En Australie, la police a perquisitionné lundi deux logements proches de Grafton, la localité de l'Etat de Nouvelle-Galles du Sud (sud-ouest) où le tireur a grandi.
 
"L'objectif premier est d'obtenir formellement des éléments pouvant aider la police néo-zélandaise dans son enquête", a expliqué la police australienne dans un communiqué.
 
- Tractopelles à l'oeuvre -
 
En Nouvelle-Zélande, les familles de victimes ne cachent plus leur frustration quant à l'attente des dépouilles, au point que les autorités aient dû se justifier sur la procédure.
 
"On fait un scan de tous les défunts, leurs empreintes sont relevées, on retire les objets qu'ils portaient ou avaient sur eux", a expliqué la "chief coroner" Deborah Marshall, qui dirige l'enquête, en précisant qu'il fallait également réaliser des empreintes dentaires et des autopsies.
 
Mme Ardern a cependant annoncé dimanche que tous les corps auraient été restitués mercredi. Un journaliste de l'AFP a vu des ouvriers et des tractopelles à l'oeuvre lundi matin dans le cimetière de Christchurch, sans que l'on sache encore exactement quand auront lieu les premières funérailles.

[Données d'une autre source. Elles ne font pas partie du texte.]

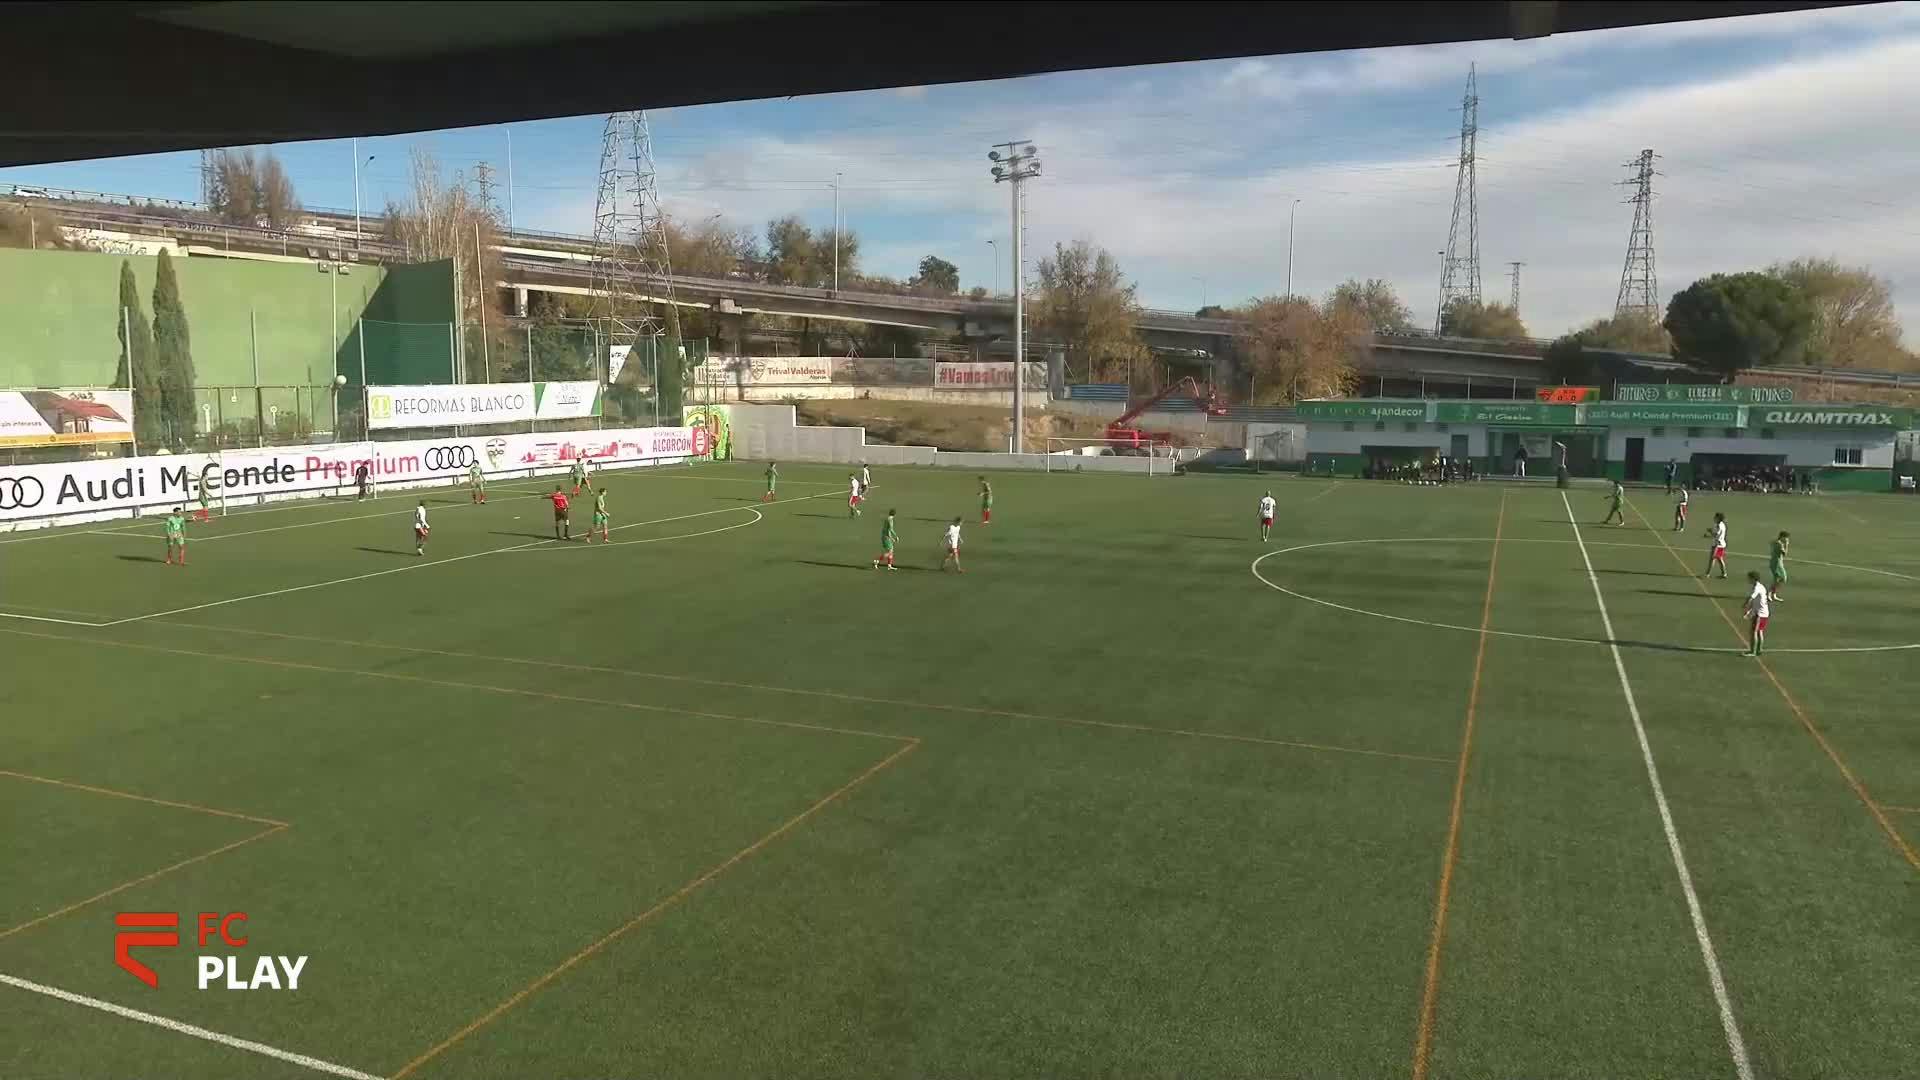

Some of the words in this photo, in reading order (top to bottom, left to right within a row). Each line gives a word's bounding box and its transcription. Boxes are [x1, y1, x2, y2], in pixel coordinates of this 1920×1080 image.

[767, 367, 790, 375] Trival
[791, 367, 826, 376] Valderas
[395, 397, 466, 416] REFORMAS
[471, 394, 525, 413] BLANCO
[1765, 411, 1893, 425] QUAMTRAX
[56, 468, 145, 505] Audi
[305, 451, 420, 481] Premium

Abdul Aziz, Australien d'origine afghane, est célébré comme un héros pour avoir mis en fuite le tueur de Christchurch, le 17 mars 2019/AFP
Abdul Aziz, Australien d'origine afghane, est célébré comme un héros pour avoir mis en fuite le tueur de Christchurch, le 17 mars 2019/AFP
 
Les autorités ont également indiqué que 34 blessés demeuraient hospitalisés. Parmi eux, la petite Alin Alsati, quatre ans, entre la vie et la mort, après avoir été touchée par au moins trois balles alors qu'elle se trouvait avec son père dans la mosquée al-Nour. Son père, Jordanien également blessé, avait récemment immigré en Nouvelle-Zélande.
 
Le nombre de morts aurait pu être encore plus élevé s'il n'y avait pas eu des actes d'héroïsme comme celui d'Abdul Aziz, un Australien d'origine afghane qui était avec ses quatre enfants dans la mosquée de Linwood quand il s'est précipité vers le tireur.
 
- Réseaux sociaux sur la sellette -
 
Après avoir entendu un de ses fils lui crier de se mettre à l'abri dans la mosquée, Abdul s'est emparé d'un fusil vide laissé par le tueur en lui criant plusieurs fois "Viens par ici!" dans le but de l'éloigner de la mosquée.
 
"Je voulais juste sauver autant de vies que possible, quitte à perdre la mienne", a-t-il dit à l'AFP. Abdul Aziz a continué à poursuivre le tireur qui s'enfuyait en voiture avant d'être interpellé.
 
Les réseaux sociaux sont également montrés du doigt en raison de la diffusion en direct, vendredi sur Facebook, pendant de longues minutes, du carnage filmé par son auteur.
 
Le groupe américain est parvenu à supprimer la vidéo de 17 minutes. Mais elle avait auparavant été partagée de nombreuses fois sur YouTube et Twitter.
 
Dans un communiqué, Mia Garlick, une responsable de Facebook en Nouvelle-Zélande, a indiqué que son groupe avait retiré 1,5 million de vidéos de l'attaque au cours des 24 premières heures, "dont plus de 1,2 million bloquées lors de leur téléchargement".
 
En attendant, un jeune de 18 ans a été inculpé lundi matin à Christchurch pour avoir relayé la vidéo mais aussi pour avoir mis en ligne une photographie de la mosquée al-Nour avec la mention "cible atteinte", et pour incitation à la violence.